• WHAT YOU SHOULD DO
Reproduce every entry below precisely; do not include the pictures.

• DATA FOR THIS TASK
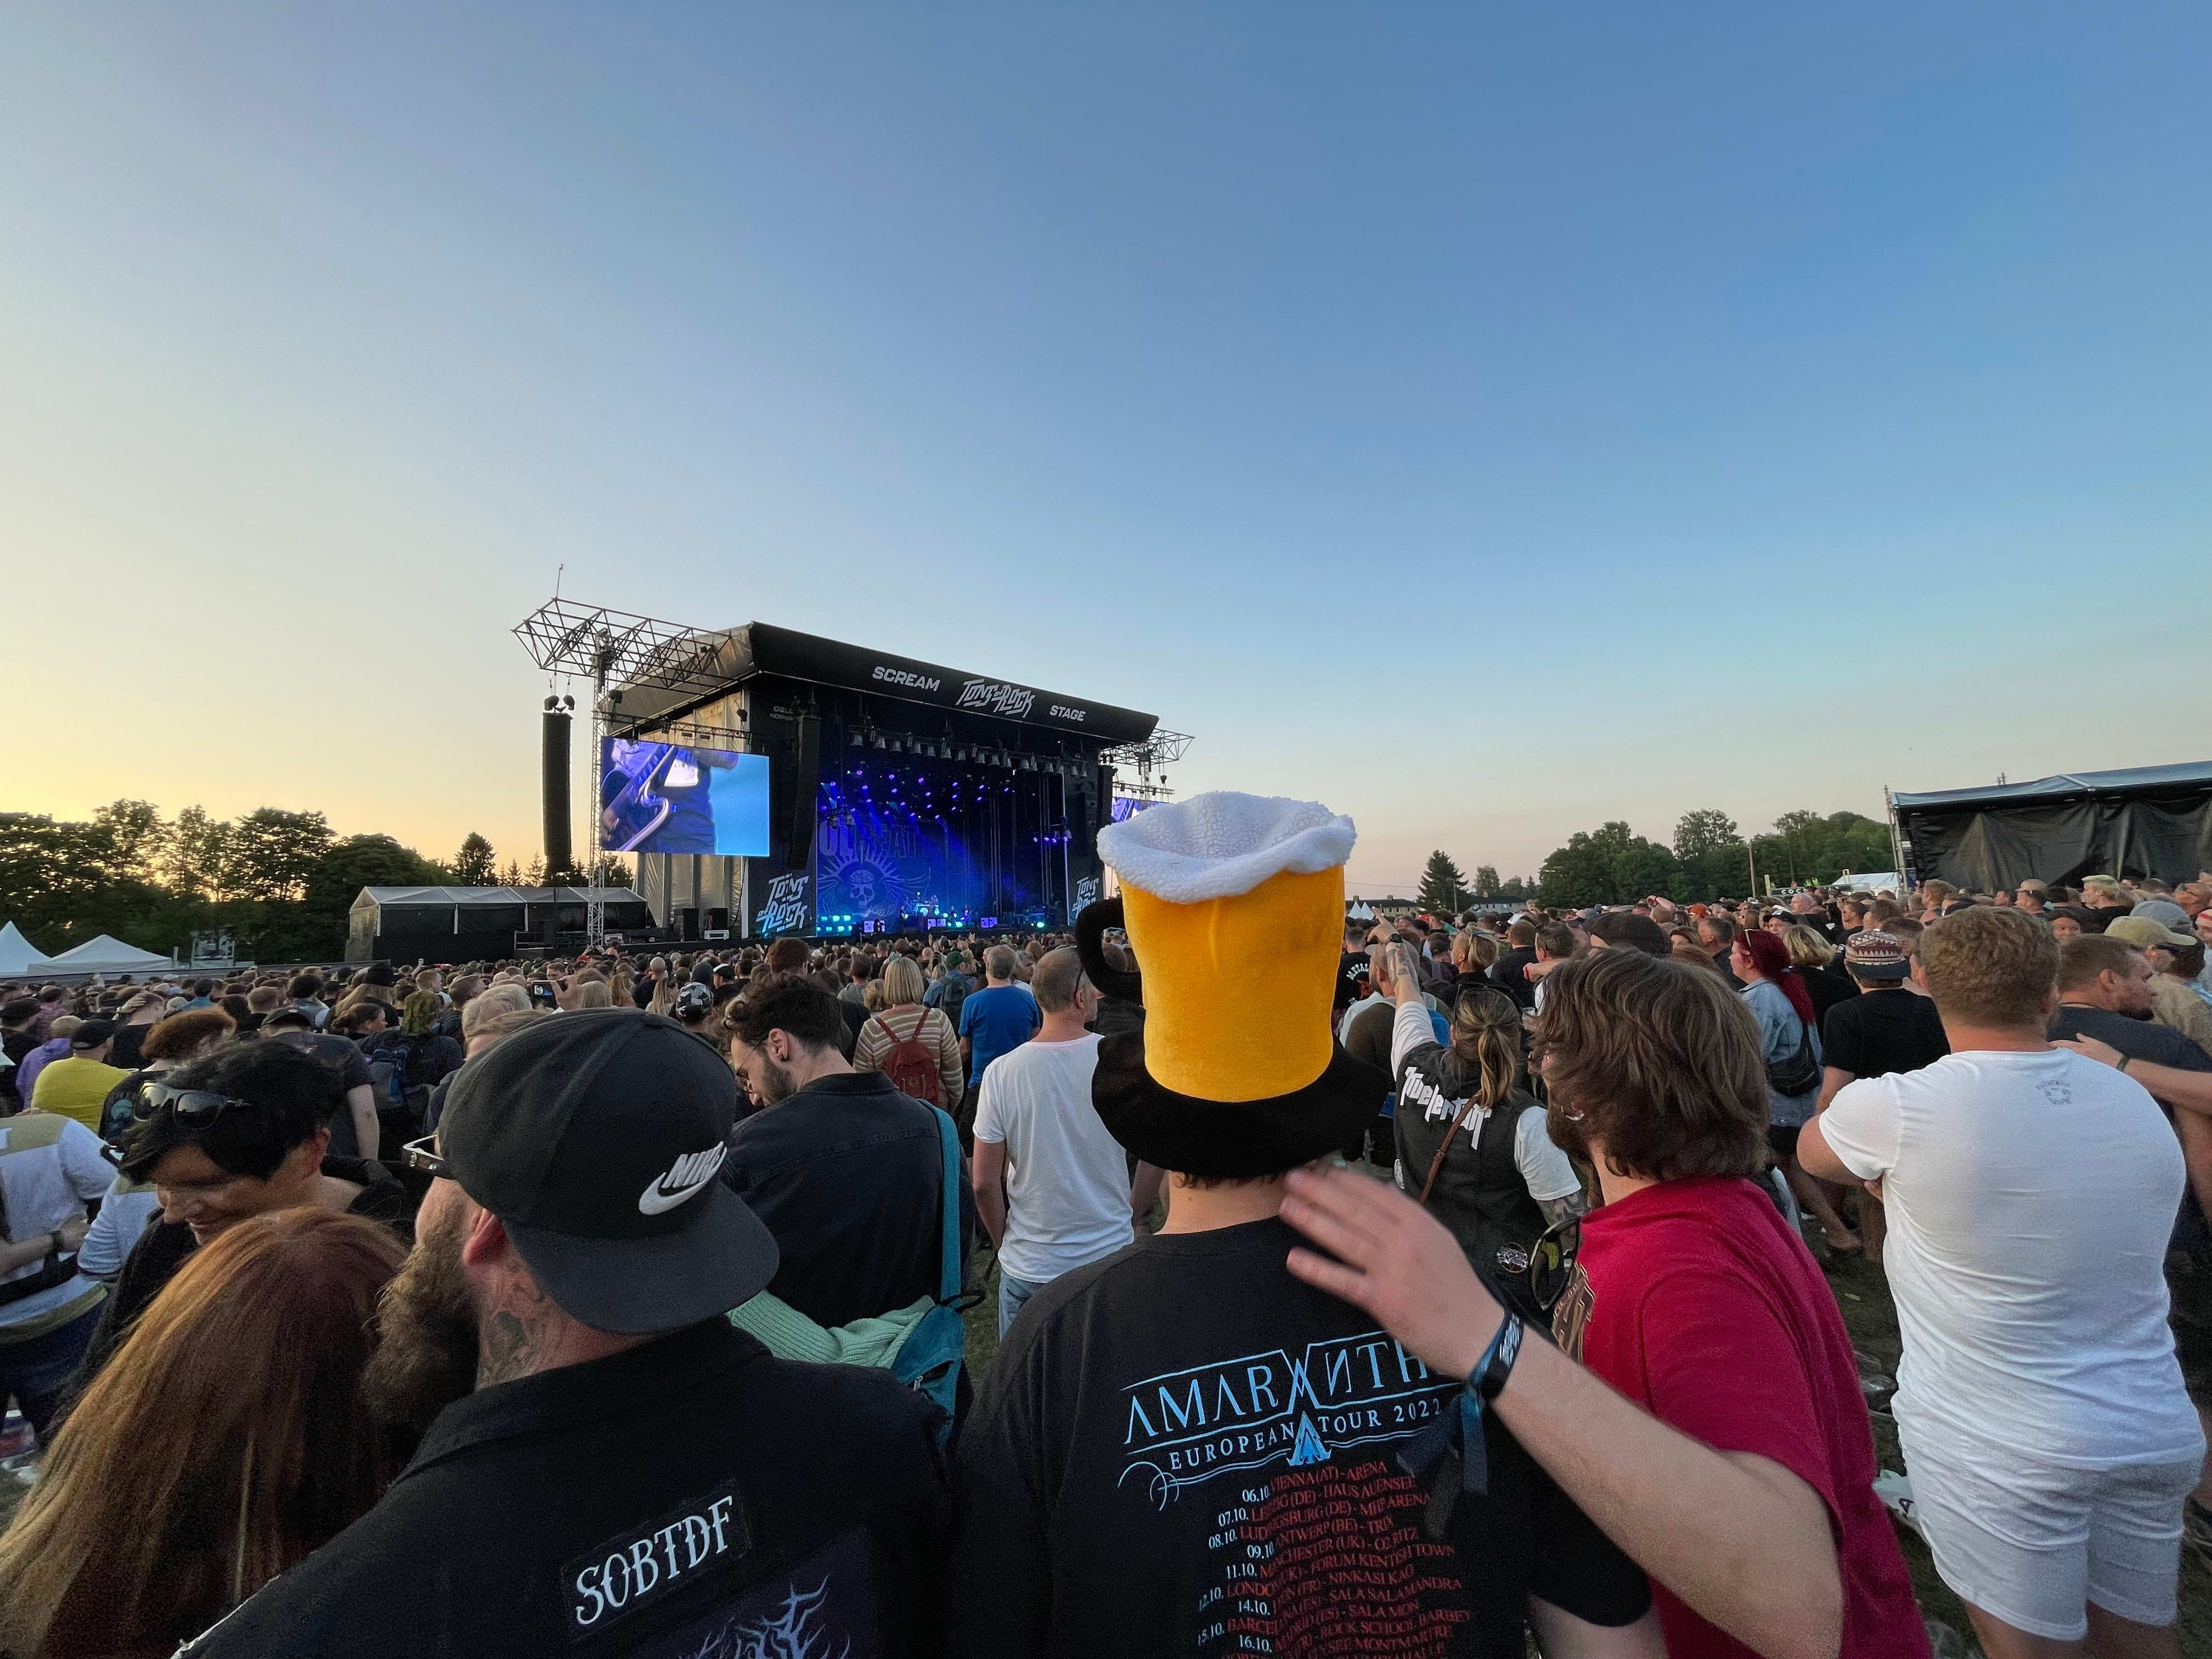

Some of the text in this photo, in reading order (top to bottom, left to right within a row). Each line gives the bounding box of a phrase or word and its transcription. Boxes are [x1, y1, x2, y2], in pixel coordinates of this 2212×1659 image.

[872, 666, 941, 692] SCREAM
[955, 679, 1000, 708] TONS
[993, 684, 1036, 718] ROCK
[1049, 704, 1086, 722] STAGE
[765, 873, 809, 911] TONS
[756, 901, 808, 933] ROCK
[661, 1142, 723, 1189] NIKE
[1125, 1338, 1430, 1445] AMARANTH
[1170, 1397, 1441, 1470] EUROPEAN TOUR 2022
[1346, 1461, 1388, 1481] ARENA
[1209, 1529, 1238, 1549] 08.10.
[1388, 1493, 1430, 1507] ARENA
[1218, 1508, 1249, 1527] 07.10.
[1324, 1482, 1360, 1498] HAUS
[1276, 1521, 1330, 1547] ANTWERP
[576, 1495, 732, 1625] SOBTDF
[1227, 1563, 1257, 1579] 11.10.
[1239, 1600, 1270, 1615] 14.10.
[1239, 1635, 1272, 1653] 16.10.

• YOUR RESPONSE
Some of the text in this photo, in reading order (top to bottom, left to right within a row). Each line gives the bounding box of a phrase or word and its transcription. Boxes are [x1, y1, x2, y2], in pixel coordinates of this 2212×1659 image.

[872, 666, 941, 692] SCREAM
[955, 679, 1000, 708] TONS
[993, 684, 1036, 718] ROCK
[1049, 704, 1086, 722] STAGE
[765, 873, 809, 911] TONS
[756, 901, 808, 933] ROCK
[661, 1142, 723, 1189] NIKE
[1125, 1338, 1430, 1445] AMARANTH
[1170, 1397, 1441, 1470] EUROPEAN TOUR 2022
[1346, 1461, 1388, 1481] ARENA
[1209, 1529, 1238, 1549] 08.10.
[1388, 1493, 1430, 1507] ARENA
[1218, 1508, 1249, 1527] 07.10.
[1324, 1482, 1360, 1498] HAUS
[1276, 1521, 1330, 1547] ANTWERP
[576, 1495, 732, 1625] SOBTDF
[1227, 1563, 1257, 1579] 11.10.
[1239, 1600, 1270, 1615] 14.10.
[1239, 1635, 1272, 1653] 16.10.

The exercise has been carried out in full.